Exercise prompt: Your task is to set down the records below again, exactly.

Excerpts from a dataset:
⁂

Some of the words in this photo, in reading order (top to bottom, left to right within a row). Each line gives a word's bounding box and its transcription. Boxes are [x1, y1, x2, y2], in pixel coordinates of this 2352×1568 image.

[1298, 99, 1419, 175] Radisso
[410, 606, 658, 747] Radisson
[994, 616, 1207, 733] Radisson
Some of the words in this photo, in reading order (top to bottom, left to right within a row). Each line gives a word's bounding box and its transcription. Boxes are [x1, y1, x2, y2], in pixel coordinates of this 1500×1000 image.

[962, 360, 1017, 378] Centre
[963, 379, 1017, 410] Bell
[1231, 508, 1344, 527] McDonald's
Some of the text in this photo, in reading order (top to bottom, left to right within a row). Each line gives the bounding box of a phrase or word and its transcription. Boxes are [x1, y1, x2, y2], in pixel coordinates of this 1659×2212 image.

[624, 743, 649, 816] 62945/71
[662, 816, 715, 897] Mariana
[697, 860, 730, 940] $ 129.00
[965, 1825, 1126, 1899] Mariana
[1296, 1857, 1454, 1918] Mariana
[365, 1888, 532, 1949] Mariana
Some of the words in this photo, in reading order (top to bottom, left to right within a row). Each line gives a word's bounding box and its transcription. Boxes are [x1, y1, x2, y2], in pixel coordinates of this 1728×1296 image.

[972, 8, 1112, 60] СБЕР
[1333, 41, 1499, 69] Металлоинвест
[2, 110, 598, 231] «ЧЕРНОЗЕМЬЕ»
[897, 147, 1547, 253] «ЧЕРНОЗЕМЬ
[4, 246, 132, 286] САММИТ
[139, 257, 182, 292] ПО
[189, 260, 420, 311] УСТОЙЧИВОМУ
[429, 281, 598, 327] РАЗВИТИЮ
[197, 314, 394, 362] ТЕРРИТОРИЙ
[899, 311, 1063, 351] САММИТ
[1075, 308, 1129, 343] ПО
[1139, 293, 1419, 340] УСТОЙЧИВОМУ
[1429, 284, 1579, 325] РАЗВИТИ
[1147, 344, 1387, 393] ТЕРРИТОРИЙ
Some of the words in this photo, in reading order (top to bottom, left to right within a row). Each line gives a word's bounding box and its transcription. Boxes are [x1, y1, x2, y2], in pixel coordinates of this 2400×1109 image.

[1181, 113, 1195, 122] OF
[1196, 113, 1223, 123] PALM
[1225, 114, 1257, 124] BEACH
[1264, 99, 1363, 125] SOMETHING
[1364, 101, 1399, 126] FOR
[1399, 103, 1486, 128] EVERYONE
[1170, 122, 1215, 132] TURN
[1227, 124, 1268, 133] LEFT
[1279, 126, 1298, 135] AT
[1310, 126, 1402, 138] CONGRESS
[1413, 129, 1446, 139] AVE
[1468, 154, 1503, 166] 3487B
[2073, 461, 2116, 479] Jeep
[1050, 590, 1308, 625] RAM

⁂

Written response:
Some of the words in this photo, in reading order (top to bottom, left to right within a row). Each line gives a word's bounding box and its transcription. Boxes are [x1, y1, x2, y2], in pixel coordinates of this 2352×1568 image.

[1298, 99, 1419, 175] Radisso
[410, 606, 658, 747] Radisson
[994, 616, 1207, 733] Radisson
Some of the words in this photo, in reading order (top to bottom, left to right within a row). Each line gives a word's bounding box and its transcription. Boxes are [x1, y1, x2, y2], in pixel coordinates of this 1500×1000 image.

[962, 360, 1017, 378] Centre
[963, 379, 1017, 410] Bell
[1231, 508, 1344, 527] McDonald's
Some of the text in this photo, in reading order (top to bottom, left to right within a row). Each line gives the bounding box of a phrase or word and its transcription. Boxes are [x1, y1, x2, y2], in pixel coordinates of this 1659×2212 image.

[624, 743, 649, 816] 62945/71
[662, 816, 715, 897] Mariana
[697, 860, 730, 940] $ 129.00
[965, 1825, 1126, 1899] Mariana
[1296, 1857, 1454, 1918] Mariana
[365, 1888, 532, 1949] Mariana
Some of the words in this photo, in reading order (top to bottom, left to right within a row). Each line gives a word's bounding box and its transcription. Boxes are [x1, y1, x2, y2], in pixel coordinates of this 1728×1296 image.

[972, 8, 1112, 60] СБЕР
[1333, 41, 1499, 69] Металлоинвест
[2, 110, 598, 231] «ЧЕРНОЗЕМЬЕ»
[897, 147, 1547, 253] «ЧЕРНОЗЕМЬ
[4, 246, 132, 286] САММИТ
[139, 257, 182, 292] ПО
[189, 260, 420, 311] УСТОЙЧИВОМУ
[429, 281, 598, 327] РАЗВИТИЮ
[197, 314, 394, 362] ТЕРРИТОРИЙ
[899, 311, 1063, 351] САММИТ
[1075, 308, 1129, 343] ПО
[1139, 293, 1419, 340] УСТОЙЧИВОМУ
[1429, 284, 1579, 325] РАЗВИТИ
[1147, 344, 1387, 393] ТЕРРИТОРИЙ
Some of the words in this photo, in reading order (top to bottom, left to right within a row). Each line gives a word's bounding box and its transcription. Boxes are [x1, y1, x2, y2], in pixel coordinates of this 2400×1109 image.

[1181, 113, 1195, 122] OF
[1196, 113, 1223, 123] PALM
[1225, 114, 1257, 124] BEACH
[1264, 99, 1363, 125] SOMETHING
[1364, 101, 1399, 126] FOR
[1399, 103, 1486, 128] EVERYONE
[1170, 122, 1215, 132] TURN
[1227, 124, 1268, 133] LEFT
[1279, 126, 1298, 135] AT
[1310, 126, 1402, 138] CONGRESS
[1413, 129, 1446, 139] AVE
[1468, 154, 1503, 166] 3487B
[2073, 461, 2116, 479] Jeep
[1050, 590, 1308, 625] RAM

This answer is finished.